At the same time, Mercy Medical Center is trying to resolve the issue by bringing in this for-profit staffing agency called Vituity, but several doctors told me they’re not particularly happy about that switch, and that it might actually cause them to leave as well.
Rath: What exactly is Vituity promising?
Schoenberg: So, the idea is that you now have an outside company that’s going to come in, employ these doctors and, presumably, recruit new doctors, bring in doctors from elsewhere, and really focus on professional development and leadership opportunities. That’s the promise.
Right now, Vituity seems like it is a fairly successful company at what it does. Over the last couple of years, it’s been expanding; it had contracts over the last few years at hospitals in Wisconsin, California, Illinois — lots of hospitals, particularly ones that are struggling with staffing, have turned to Vituity.
That said, the challenge with any for-profit company, as we’ve seen clearly in Massachusetts, is that they need to be able to withdraw a profit. There’s no promise that they will add more staff and address the understaffing issues.
Some doctors are worried that, for example, if they work for a for-profit, they might lose eligibility for federal student loan forgiveness, which is a really big deal to physicians with an enormous amount of student loan debt.
Rath: Wow. I’ve got to imagine that’s a huge deal for a lot of these physicians.
Schoenberg: It is, and we saw, actually, that Vituity recently went into some of Trinity’s hospitals in Connecticut, and there you had physicians that were concerned about a lack of student loan forgiveness, physicians that were concerned about their visa status — if they have a certain immigration status.
A significant number — maybe 30% of physicians in these hospitals — actually decided to leave rather than work for Vituity.
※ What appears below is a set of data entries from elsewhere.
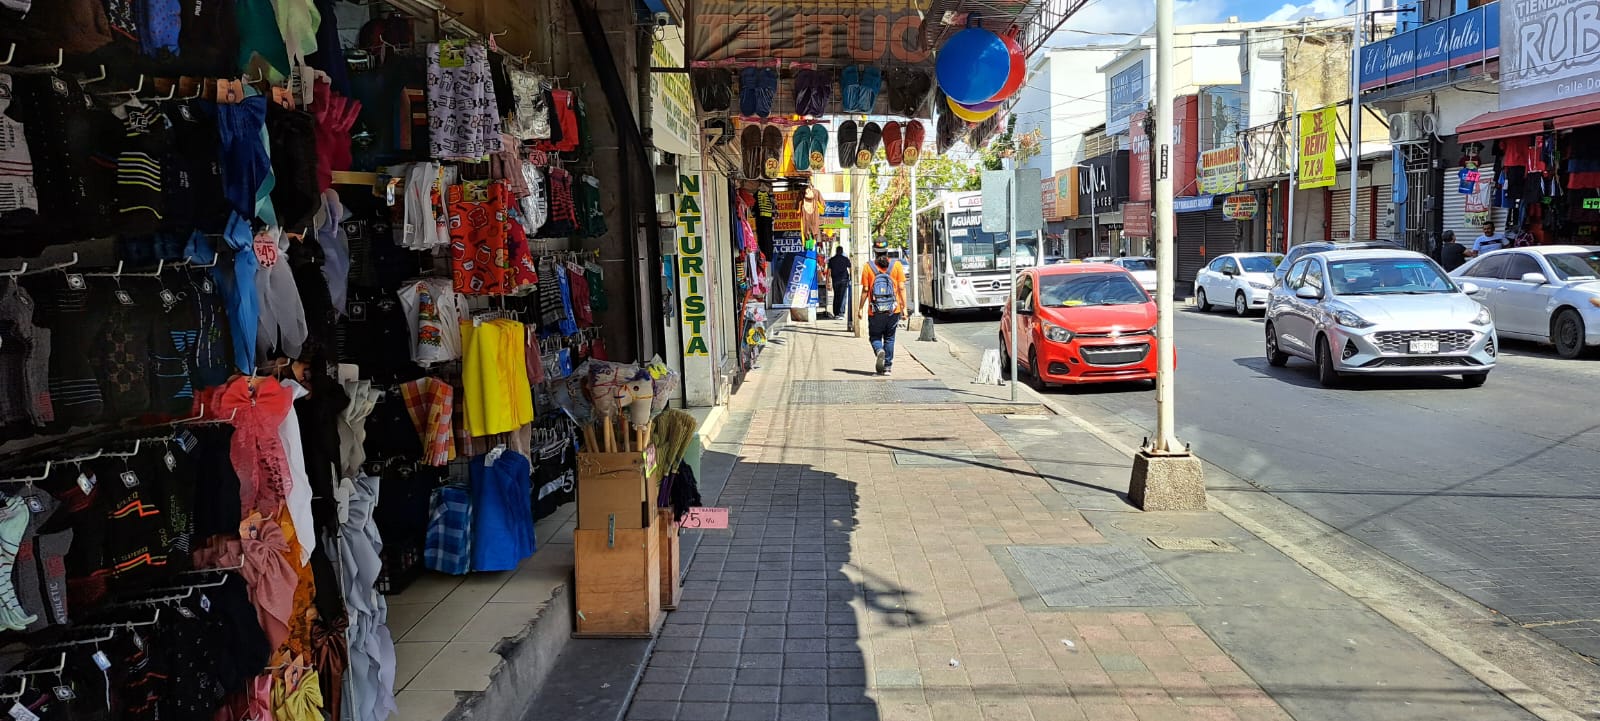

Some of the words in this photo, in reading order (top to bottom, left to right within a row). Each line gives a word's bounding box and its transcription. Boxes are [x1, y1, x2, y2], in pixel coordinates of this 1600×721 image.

[1365, 48, 1378, 75] El
[1380, 44, 1414, 72] Rincon
[1433, 17, 1480, 56] Detalles
[1557, 81, 1583, 97] Calle
[1312, 112, 1323, 133] SE
[1304, 132, 1329, 156] RENTA
[1304, 161, 1309, 177] 7
[967, 195, 982, 205] AG
[678, 174, 709, 356] NATURISTA
[49, 582, 67, 625] ATHLETIC
The doctors that I spoke to in Massachusetts say it’s similar — that this inability to qualify for student loan forgiveness was a really big deal for them.
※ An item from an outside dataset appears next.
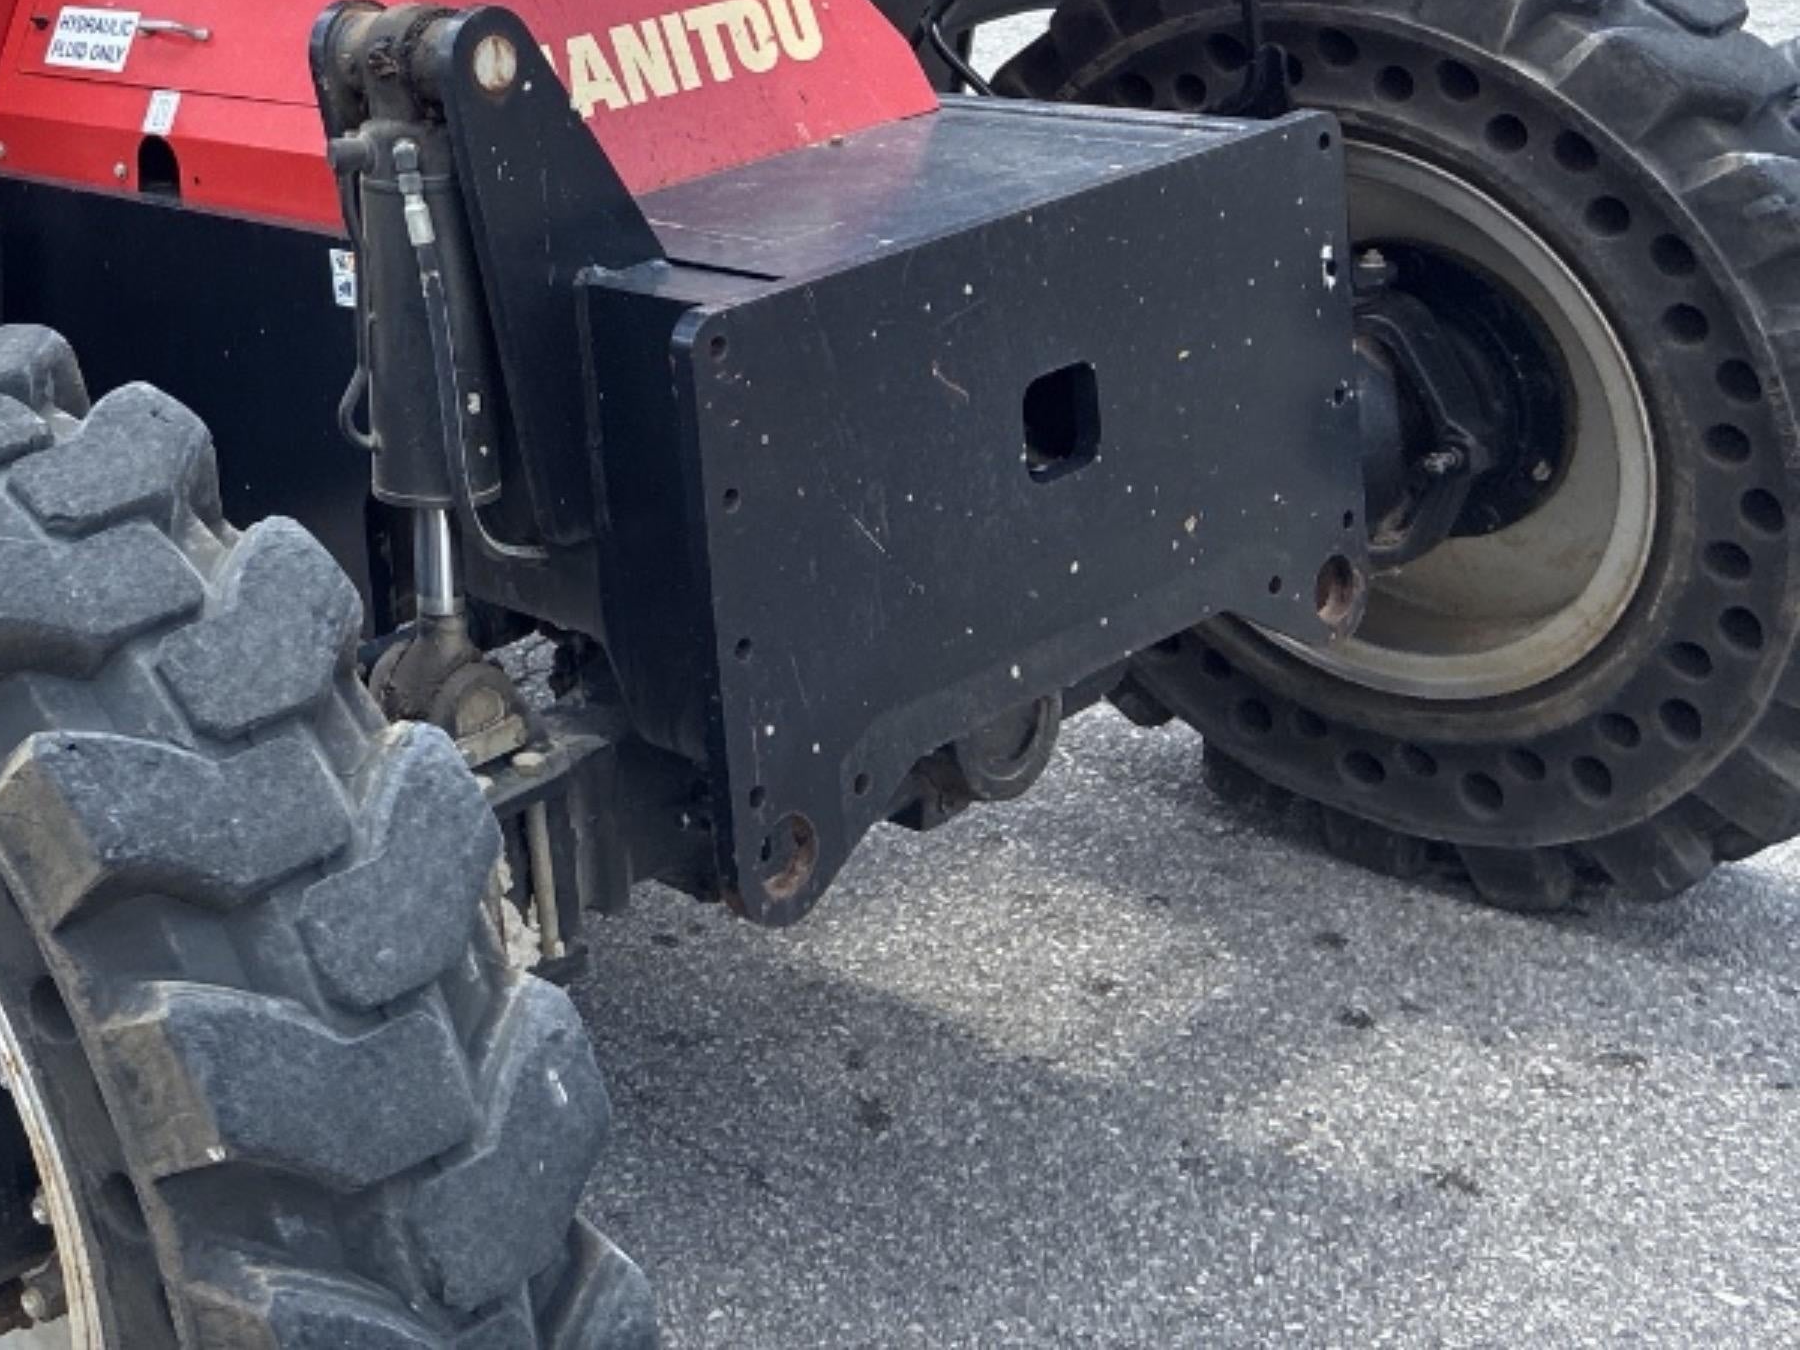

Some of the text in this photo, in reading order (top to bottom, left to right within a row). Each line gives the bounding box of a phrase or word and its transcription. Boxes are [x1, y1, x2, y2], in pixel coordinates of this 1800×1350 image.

[60, 14, 135, 36] HYDRAULIC
[50, 38, 126, 63] FLUID ONLY
Rath: Are these concerns you’ve heard from doctors something Vituity would be able to take on with its corporate culture?
Schoenberg: That’s really not clear to me. When I asked, Mercy Medical Center did tell me that they were committed to ensuring that clinicians who were in student loan forgiveness programs, or who had visa concerns, would be able to have those concerns addressed. But they weren’t able to explain to me exactly how that would work.
Would they continue to be employed by a nonprofit? Or would there be some other program to help them remain in these loan forgiveness programs? That really wasn’t clear to me.
Rath: I’ll add that we reached out to the hospital and Vituity for comment. In a joint statement, they wrote:
- All emergency medicine providers will be offered the opportunity to continue their work through Vituity, and emergency medicine physicians will have the opportunity to join Vituity as practicing partners and equal owners.
- Mercy administrators will work with Vituity to continue any visa and loan forgiveness programs that may already be in place for current emergency medicine providers.
Now, Shira, what are you hearing from doctors about what this will mean for patient care?
Schoenberg: There’s a lot of concern about what this means for patients. Obviously, if you don’t have enough staff, you just can’t provide the high-quality care that patients need and deserve.
Particularly in an area like Springfield, where patients have really high needs, it’s just so important that there is adequate staffing to care for patients. The physicians I spoke to said they’re concerned that the level of understaffing that will potentially be present if all these physicians do choose to leave could really endanger patients; it could require the hospital to limit how many patients it takes.
Obviously, we’re not there yet. Right now, all evidence shows that the care is perfectly safe, but there are concerns that if staffing is not addressed, that would certainly affect the quality of care.